As Coach Urban Meyer puts it, "discombobulating" things are happening with the Buckeye offense, especially with the quarterbacks. A telling statistic that demonstrates this, but is not being mentioned, is the quarterback rating or QBR. Those have dropped to unimaginable levels. For the starting QB Cardale Jones, the QBR has plunged this year from 87 to 6. That's right, the single digit 6 is not a typo.
cardale | Cmplt | atmpt | pct | yds | td | int | qbr |
---|---|---|---|---|---|---|---|
2014 Year | 56 | 92 | 60.9 | 860 | 7 | 2 | 58.7 |
Virginia Tech | 10 | 19 | 52.6 | 187 | 2 | 1 | 87.4 |
Hawaii | 12 | 18 | 66.7 | 111 | 0 | 0 | 42.7 |
Northern Illinois | 4 | 9 | 44.4 | 36 | 0 | 2 | 6.3 |
And of course, these QBR figures don't tell the whole story.

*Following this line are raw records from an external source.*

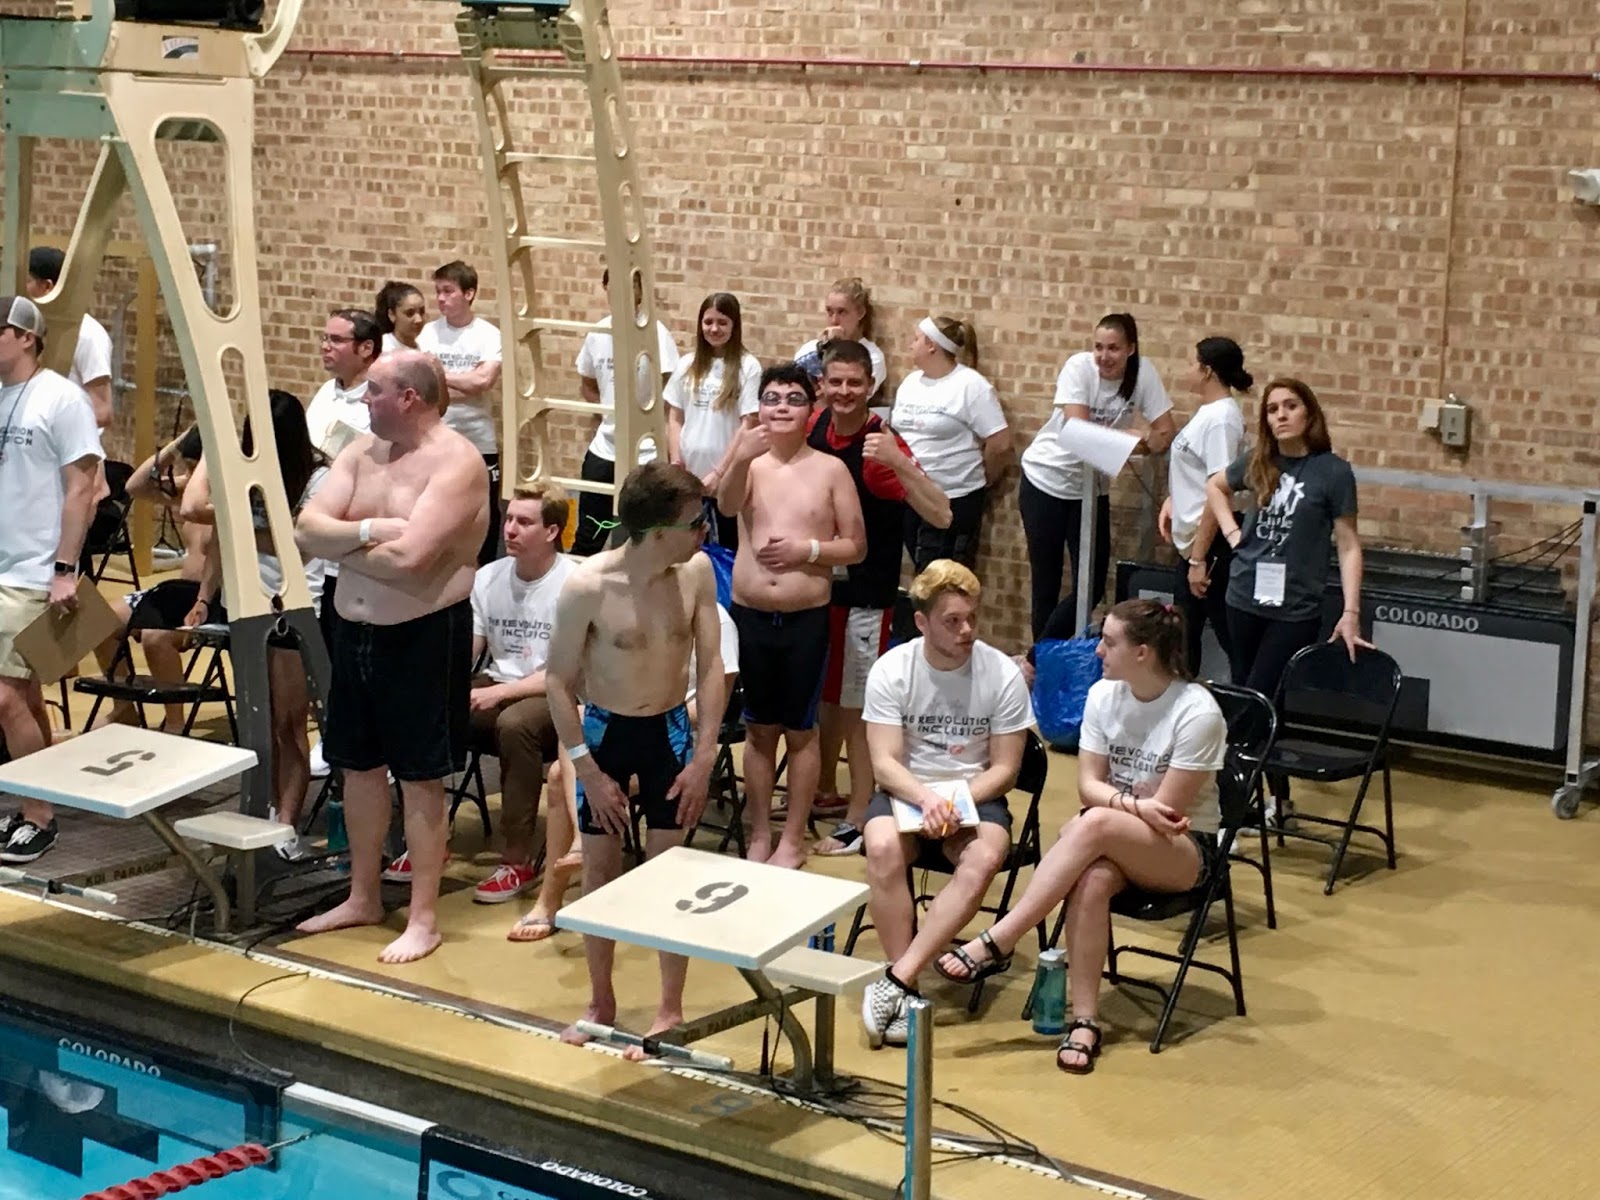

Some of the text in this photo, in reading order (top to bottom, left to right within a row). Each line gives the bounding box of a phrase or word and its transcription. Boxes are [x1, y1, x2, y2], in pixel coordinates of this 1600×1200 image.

[1374, 604, 1479, 632] COLORADO
[917, 725, 992, 736] INCLUSIO
[918, 714, 992, 726] REVOLUTIO
[80, 749, 156, 776] 5
[541, 1160, 648, 1198] COLORADO
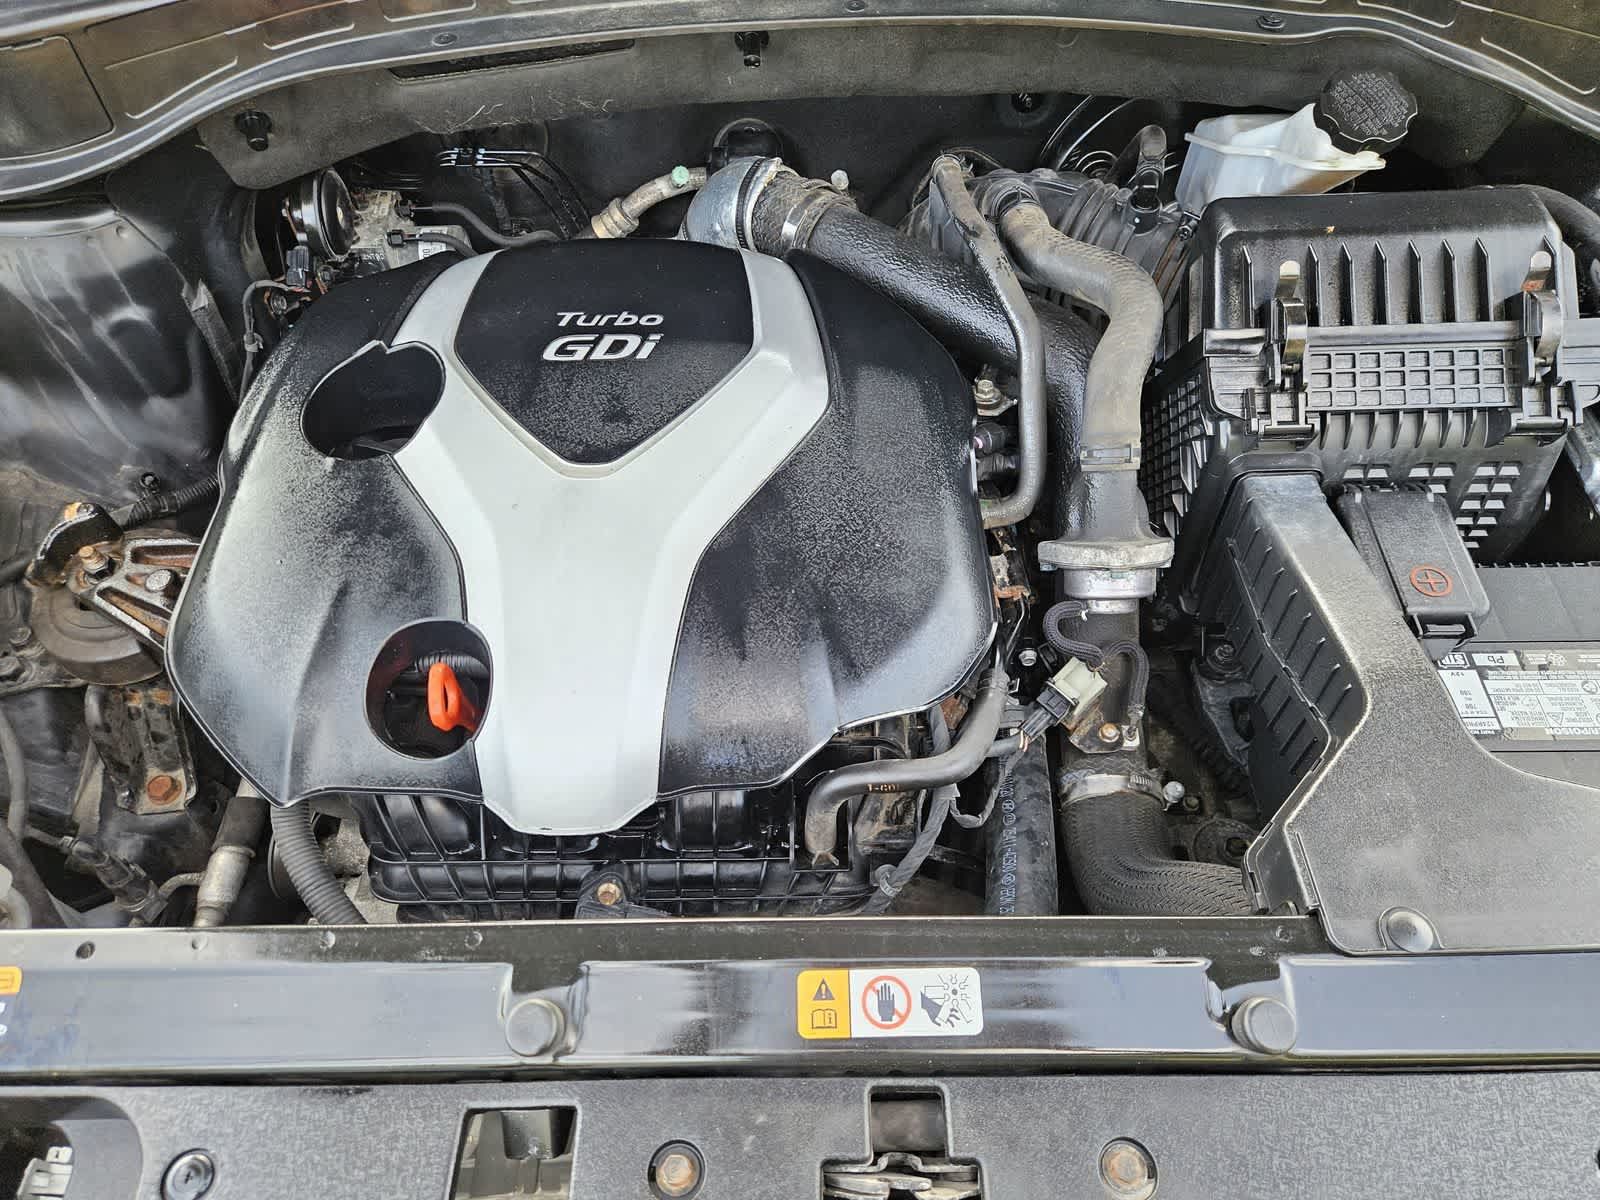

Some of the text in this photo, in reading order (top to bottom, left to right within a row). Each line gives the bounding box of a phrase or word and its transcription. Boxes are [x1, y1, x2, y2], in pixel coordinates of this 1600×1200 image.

Cardale's longest pass against Hawaii went for 24 yards-- it was a "pop" pass in the back field to Jalin Marshall who ran for 24 yards.
The regression in performance has also happened to JT Barrett. He had a sterling QBR of 83 for all of 2014. He began 2015 against Virginia Tech with a perfect score of 100, one pass out of one attempt for over 20 yards and a TD, and one run for 40 yards. But his QBR dropped to 17 in the Northern Illinois game.
JT | cmplt | atmpt | pct | yds | td | int | qbr |
---|---|---|---|---|---|---|---|
2014 Year | 203 | 314 | 64.7 | 2834 | 34 | 10 | 83.0 |
Virginia Tech | 1 | 1 | 100.0 | 26 | 1 | 0 | 100.0 |
Hawaii | 8 | 15 | 53.3 | 70 | 0 | 0 | 47.6 |
Northern Illinois | 11 | 19 | 57.9 | 97 | 1 | 1 | 16.8 |
What is going on here with two good quarterbacks regressing? An embarrassment of riches has become an embarrassment.